> On 27 May 2017, at 08:59, Gwendal Roué <[email protected]> wrote:
>
>
>> Le 26 mai 2017 à 22:30, David Hart <[email protected]> a écrit :
>>
>> Can you explain what’s the problem with Issue 2?
>
> The problem was me, I guess :-) Of course nobody knows the list of keys, but
> the type itself. It's a matter of injecting an encoder. I'll do that.
>
> Thanks also Itai for your answer.
>
>> Am I correct in suggesting that Issue 1 is more of a missing generics
>> feature than a problem with SE-0166/0167?
>
> There are two ways to see such issue: either a language is not ready, either
> a library isn't designed for its language. :-) But this is not the case here.
> Again, Itai has the correct answer:
>
> if T.self is DatabaseValueConvertible.Type {
> let databaseValue: DatabaseValue = row.value(named: key.stringValue)
> return (T.self as!
> DataBaseValueConvertible.Type).fromDatabaseValue(databaseValue) as! T
> } else { … }
I didn’t know that was possible either!

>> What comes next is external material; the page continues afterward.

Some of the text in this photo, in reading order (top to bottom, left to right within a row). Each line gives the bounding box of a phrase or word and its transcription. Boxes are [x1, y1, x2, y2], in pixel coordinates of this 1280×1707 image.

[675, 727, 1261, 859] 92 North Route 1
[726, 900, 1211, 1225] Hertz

Really cool. Even better:
if let databaseValueType = T.self as? DatabaseValueConvertible.Type {
let databaseValue: DatabaseValue = row.value(named: key.stringValue)
return databaseValueType.fromDatabaseValue(databaseValue) as! T
} else { … }
> This is the way to test a type against a protocol - I didn't know this was
> even possible!
>
> Thanks a lot, Itai and David: SE-0166 and SE-0167 are delivering their
> promises, and GRDB will make good use from them :-)
> Gwendal
>
>>
>> David.
>>
>>> On 26 May 2017, at 16:26, Gwendal Roué via swift-evolution
>>> <[email protected]> wrote:
>>>
>>> Hello,
>>>
>>> I want to provide real-life feedback for the Swift Archival & Serialization
>>> (SE-0166) and Swift Encoders (SE-0167) proposals that currently ship in
>>> Swift 4 snapshots.
>>>
>>> The context: I'm the author of GRDB.swift [1], a SQLite library that, among
>>> other goals, aims at easing the conversion between database rows and custom
>>> models (structs and class hierarchies):
>>>
>>> // Sample code
>>> let arthur = Player(name: "Arthur", score: 100)
>>> try arthur.insert(db)
>>> print(arthur.id)
>>>
>>> let topPlayers = try Player
>>> .order(Column("score").desc)
>>> .limit(10)
>>> .fetchAll(db) // [Player]
>>>
>>> Due to the lack of any introspection in Swift, GRDB currently wants you to
>>> perform explicit conversion:
>>>
>>> struct Player {
>>> var id: Int64?
>>> let name: String
>>> let score: Int
>>> }
>>>
>>> extension Player : RowConvertible {
>>> init(row: Row) {
>>> id = row.value(named: "id")
>>> name = row.value(named: "name")
>>> score = row.value(named: "score")
>>> }
>>> }
>>>
>>> extension Player : TableMapping, MutablePersistable {
>>> static let databaseTableName = "player"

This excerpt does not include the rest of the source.